→ What the task requires
Although the records contain pictures, repeat only the text of every line exactly.

[Stored dataset items]
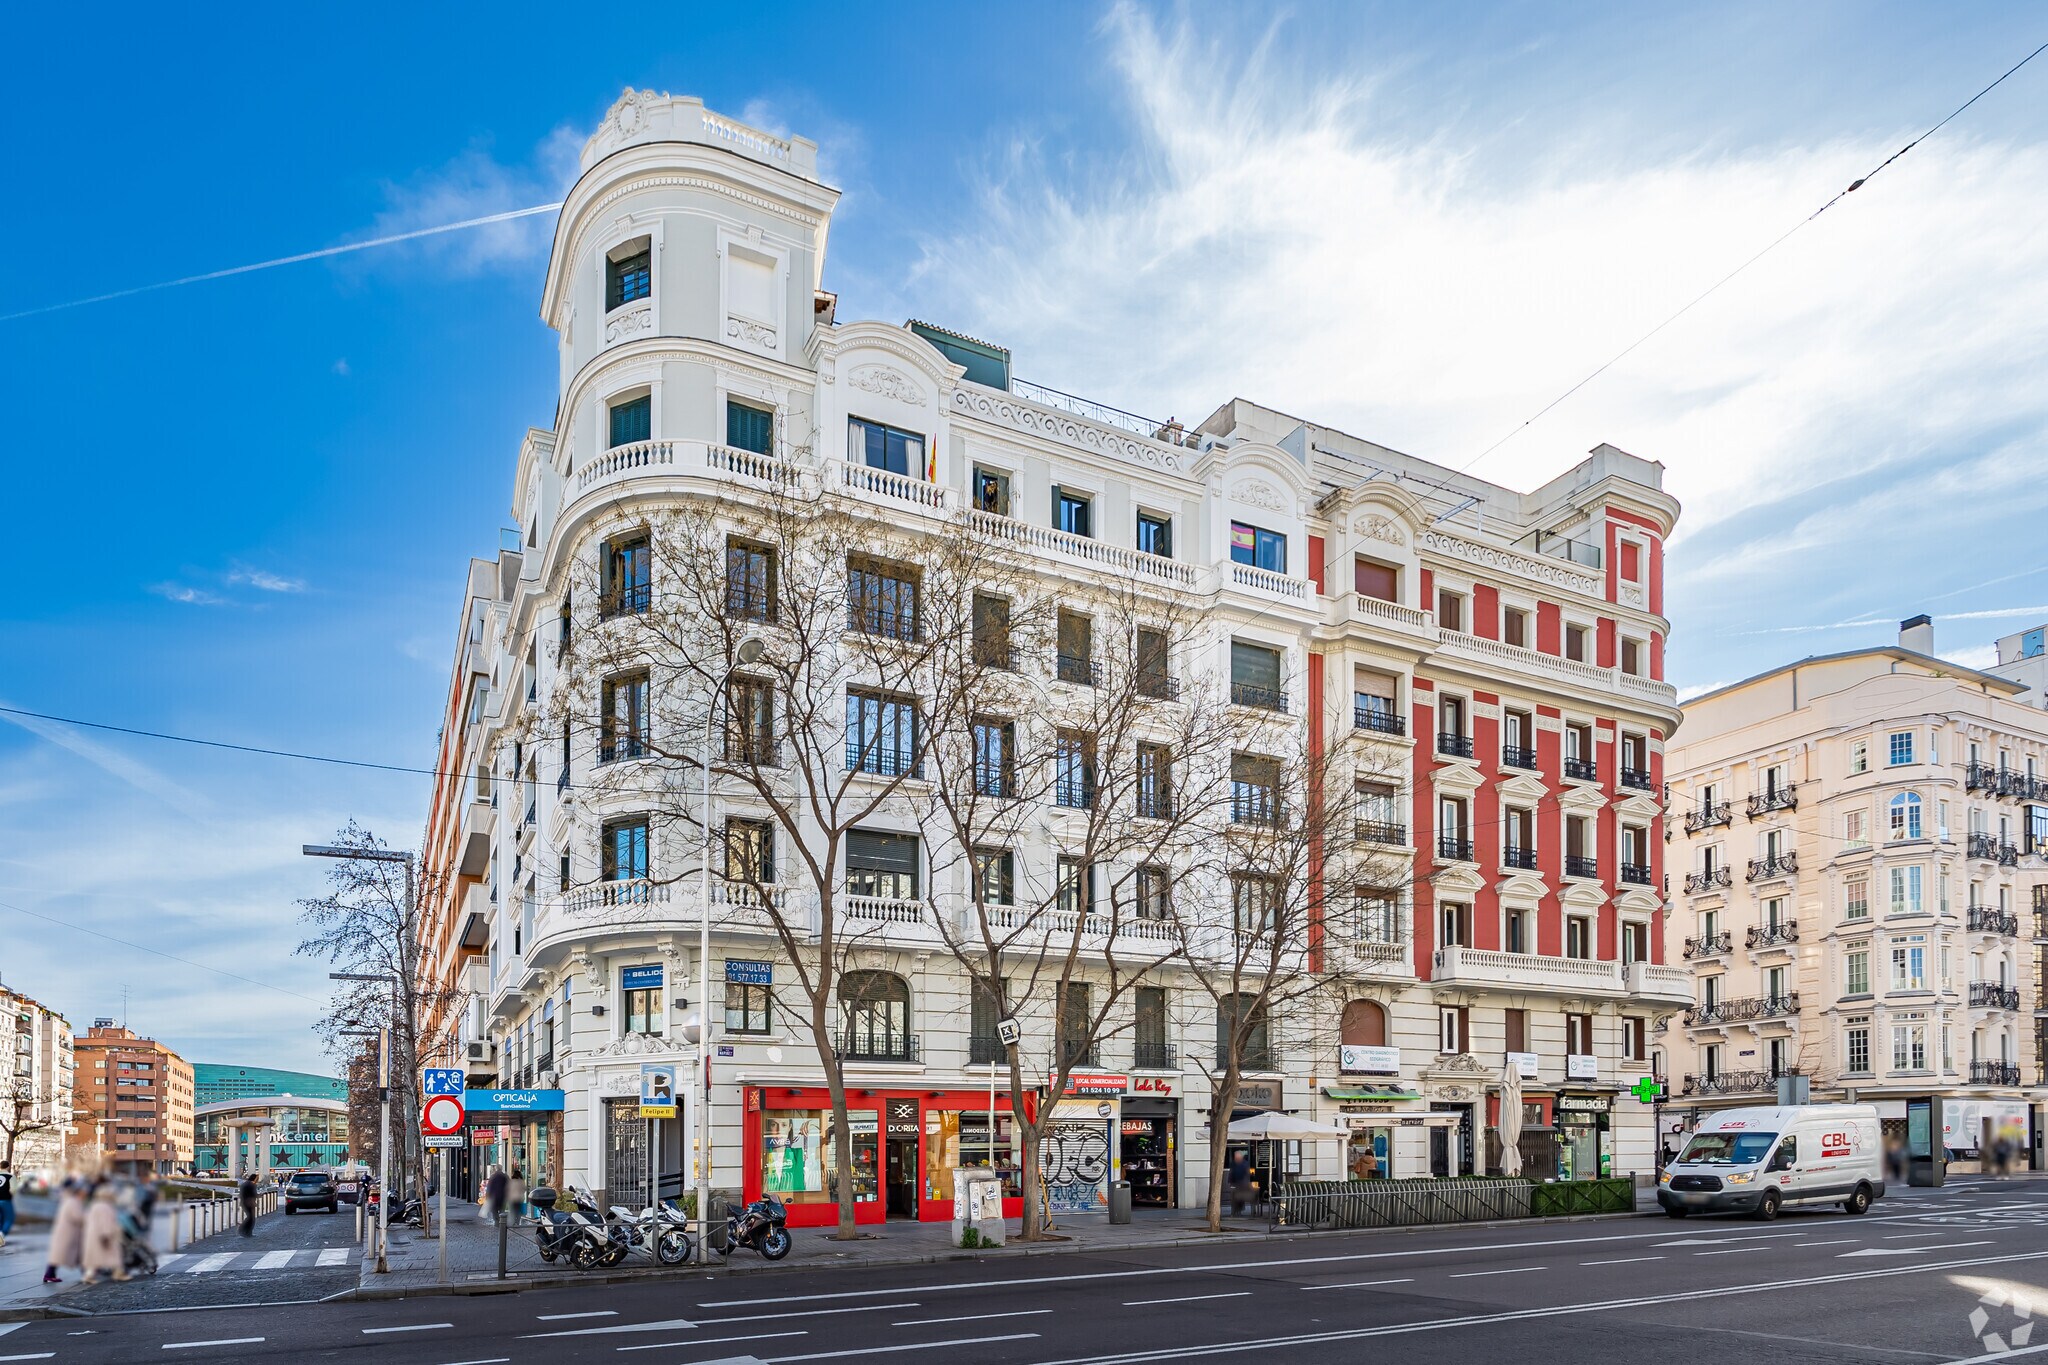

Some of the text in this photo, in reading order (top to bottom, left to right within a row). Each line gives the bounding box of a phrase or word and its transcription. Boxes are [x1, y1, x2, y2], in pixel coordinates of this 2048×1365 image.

[725, 961, 771, 973] CONSULTAS
[738, 974, 749, 982] 577
[750, 975, 758, 983] 17
[759, 976, 768, 984] 33
[1134, 1078, 1171, 1096] Lola Rey
[1559, 1096, 1608, 1110] farmacia
[1821, 1132, 1851, 1148] CBL

→ Answer space
Some of the text in this photo, in reading order (top to bottom, left to right within a row). Each line gives the bounding box of a phrase or word and its transcription. Boxes are [x1, y1, x2, y2], in pixel coordinates of this 2048×1365 image.

[725, 961, 771, 973] CONSULTAS
[738, 974, 749, 982] 577
[750, 975, 758, 983] 17
[759, 976, 768, 984] 33
[1134, 1078, 1171, 1096] Lola Rey
[1559, 1096, 1608, 1110] farmacia
[1821, 1132, 1851, 1148] CBL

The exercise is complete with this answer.